**YOUR OBJECTIVE**
Output each record exactly as given. Leave out every picture.

**DATASET ENTRIES**

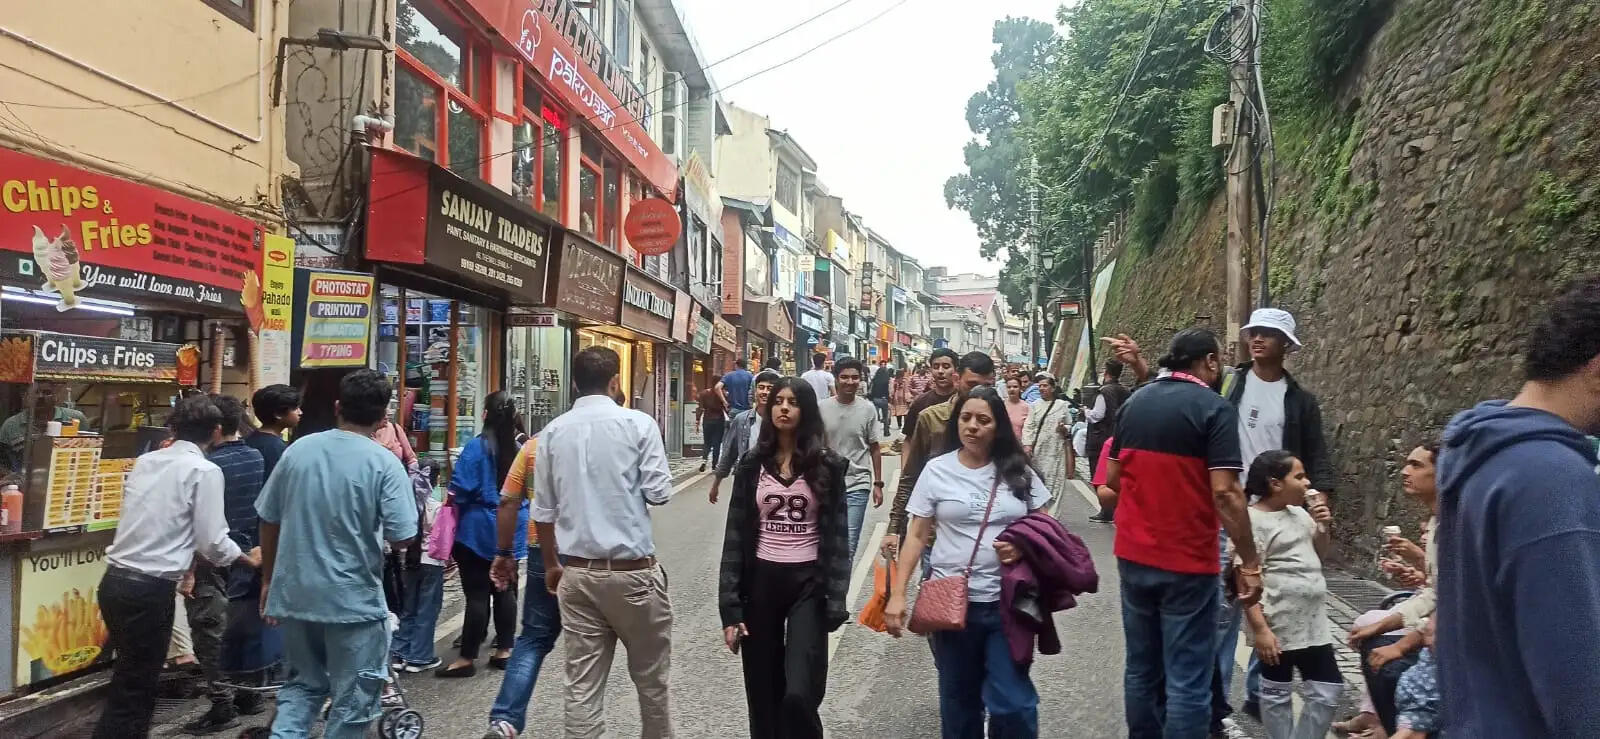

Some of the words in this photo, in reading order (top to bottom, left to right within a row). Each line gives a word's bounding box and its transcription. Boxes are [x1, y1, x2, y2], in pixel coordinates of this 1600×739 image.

[549, 47, 616, 130] pakwaan
[2, 179, 98, 216] Chips
[103, 200, 112, 213] &
[81, 218, 152, 250] Fries
[441, 189, 493, 233] SANJAY
[497, 216, 543, 256] TRADERS
[463, 230, 486, 249] SANITARY
[82, 264, 117, 287] You
[120, 273, 147, 290] will
[149, 276, 174, 295] love
[175, 285, 194, 299] our
[196, 284, 222, 303] Fries
[316, 280, 368, 296] PHOTOSTAT
[262, 291, 291, 305] Pahado
[317, 303, 362, 316] PRINTOUT
[624, 279, 651, 310] INDIAN
[651, 291, 674, 320] TERRAIN
[541, 316, 552, 325] AID
[41, 340, 97, 368] Chips
[102, 352, 109, 365] &
[113, 345, 155, 367] Fries
[320, 344, 352, 357] TYPING
[763, 494, 809, 522] 28
[765, 522, 808, 533] LEGENDS
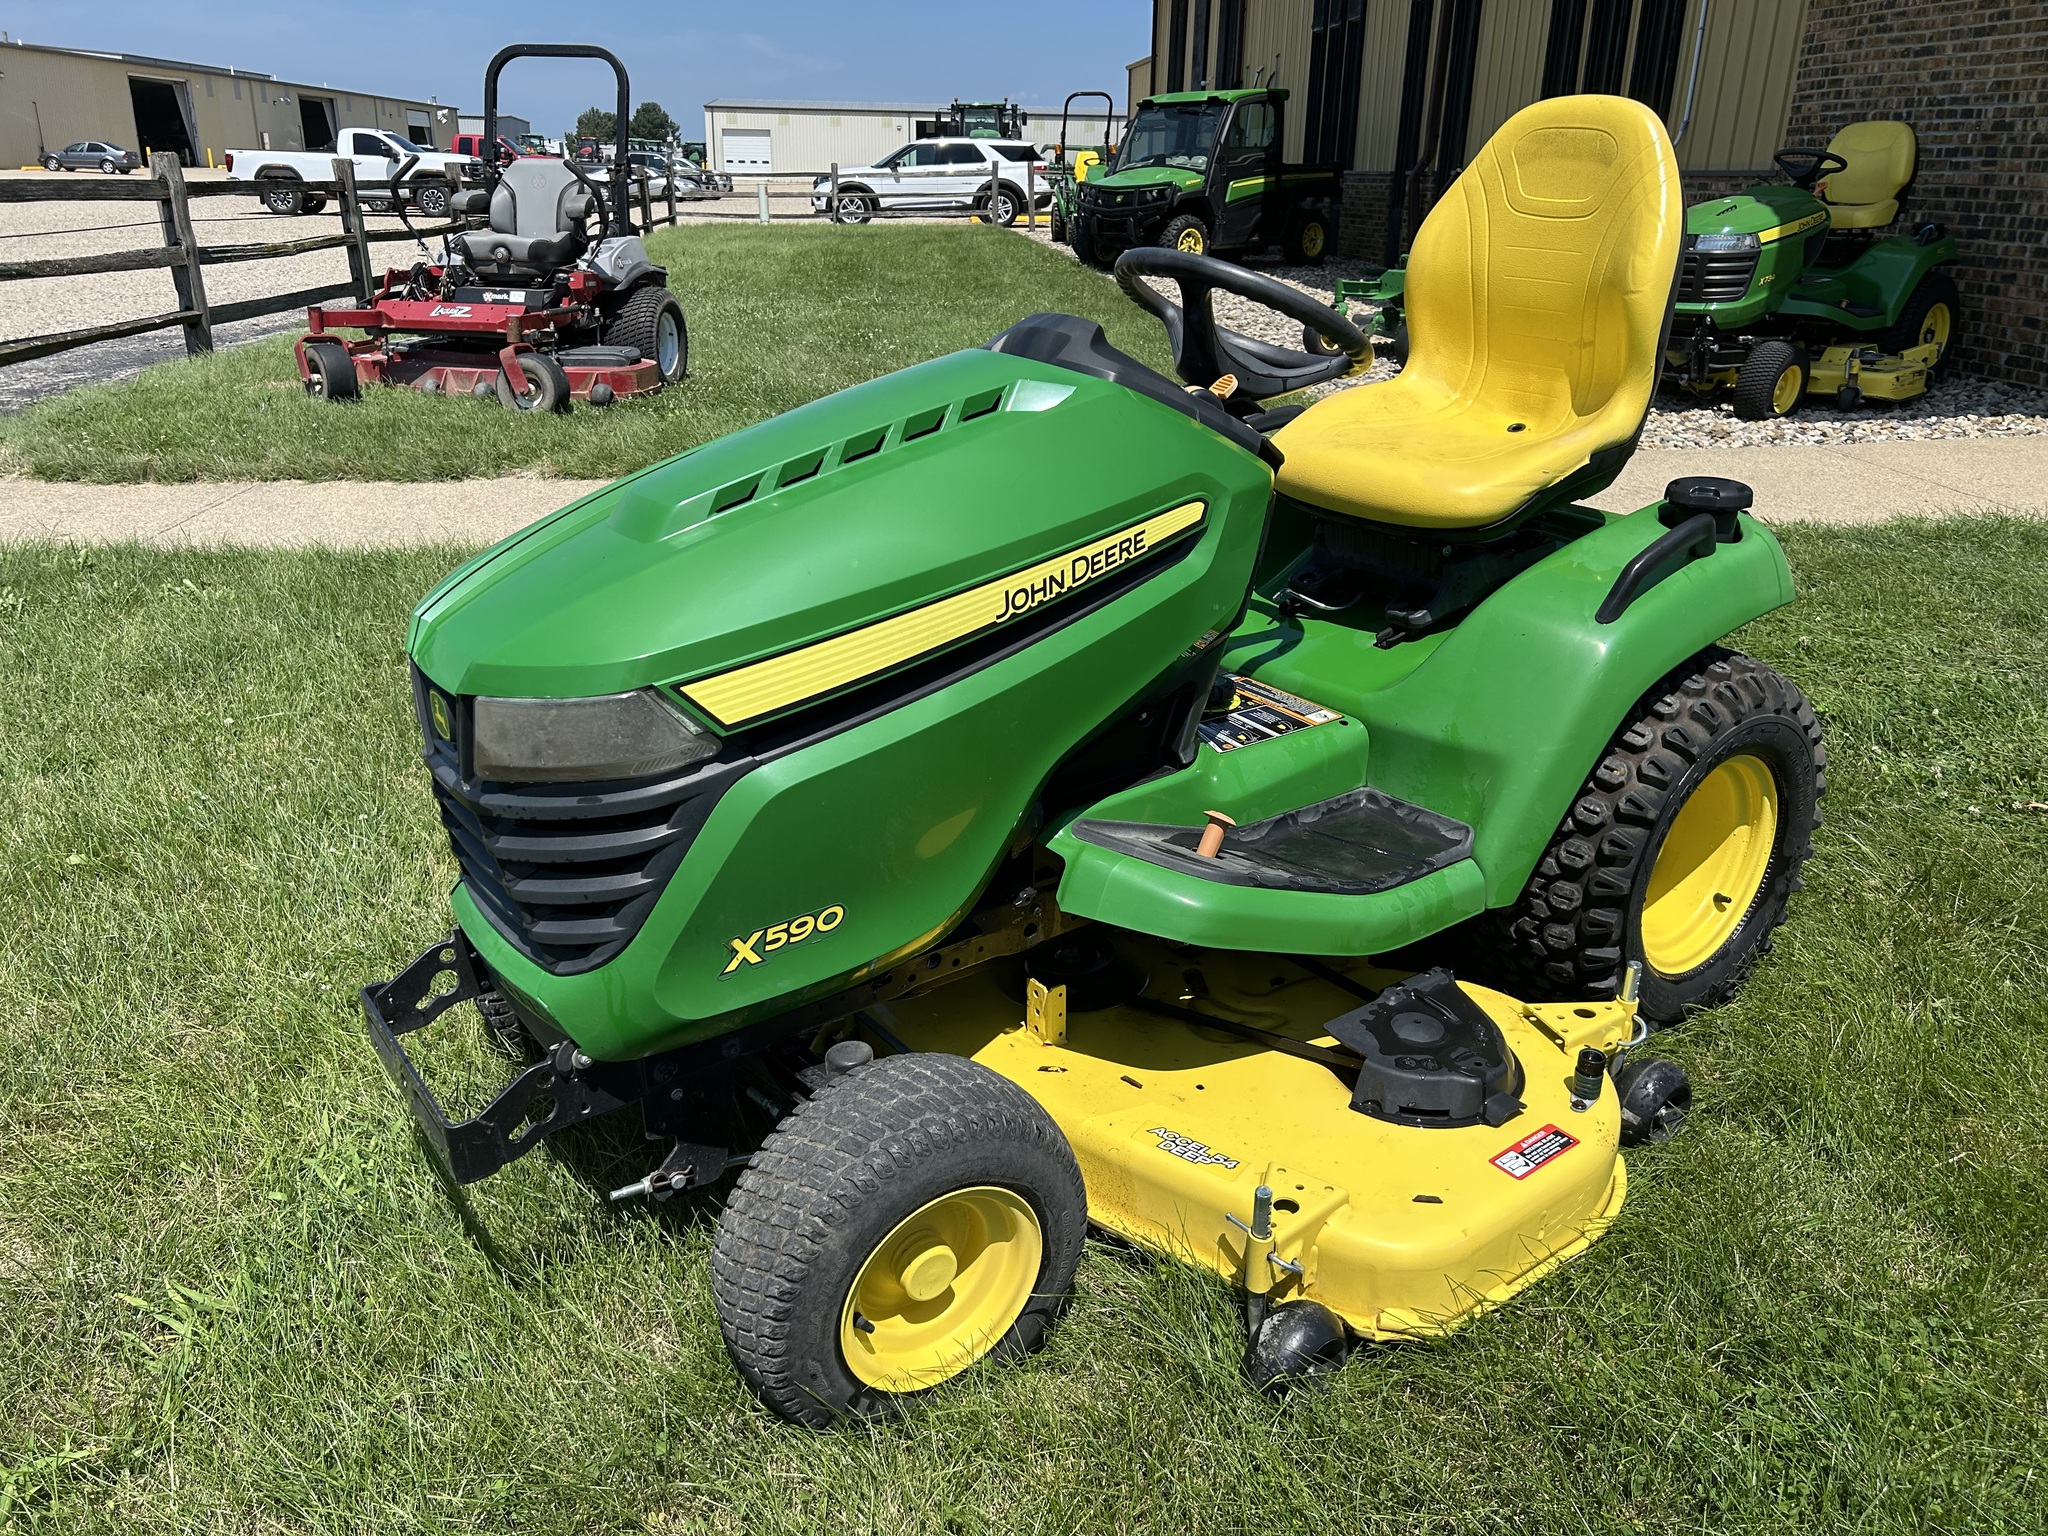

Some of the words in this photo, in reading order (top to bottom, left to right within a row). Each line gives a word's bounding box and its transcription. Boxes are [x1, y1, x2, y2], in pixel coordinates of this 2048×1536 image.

[1797, 221, 1811, 233] JOHN
[1810, 213, 1824, 226] DEERE
[995, 568, 1066, 621] JOHN
[1071, 529, 1148, 587] DEERE
[719, 903, 846, 976] X590
[1146, 1126, 1211, 1158] ACCEL
[1209, 1152, 1240, 1169] 54
[1156, 1139, 1213, 1165] DEEP
[1524, 1130, 1547, 1145] DANGER

**FINISHED EXERCISE**
Some of the words in this photo, in reading order (top to bottom, left to right within a row). Each line gives a word's bounding box and its transcription. Boxes are [x1, y1, x2, y2], in pixel coordinates of this 1600×739 image.

[549, 47, 616, 130] pakwaan
[2, 179, 98, 216] Chips
[103, 200, 112, 213] &
[81, 218, 152, 250] Fries
[441, 189, 493, 233] SANJAY
[497, 216, 543, 256] TRADERS
[463, 230, 486, 249] SANITARY
[82, 264, 117, 287] You
[120, 273, 147, 290] will
[149, 276, 174, 295] love
[175, 285, 194, 299] our
[196, 284, 222, 303] Fries
[316, 280, 368, 296] PHOTOSTAT
[262, 291, 291, 305] Pahado
[317, 303, 362, 316] PRINTOUT
[624, 279, 651, 310] INDIAN
[651, 291, 674, 320] TERRAIN
[541, 316, 552, 325] AID
[41, 340, 97, 368] Chips
[102, 352, 109, 365] &
[113, 345, 155, 367] Fries
[320, 344, 352, 357] TYPING
[763, 494, 809, 522] 28
[765, 522, 808, 533] LEGENDS

Some of the words in this photo, in reading order (top to bottom, left to right within a row). Each line gives a word's bounding box and its transcription. Boxes are [x1, y1, x2, y2], in pixel coordinates of this 2048×1536 image.

[1797, 221, 1811, 233] JOHN
[1810, 213, 1824, 226] DEERE
[995, 568, 1066, 621] JOHN
[1071, 529, 1148, 587] DEERE
[719, 903, 846, 976] X590
[1146, 1126, 1211, 1158] ACCEL
[1209, 1152, 1240, 1169] 54
[1156, 1139, 1213, 1165] DEEP
[1524, 1130, 1547, 1145] DANGER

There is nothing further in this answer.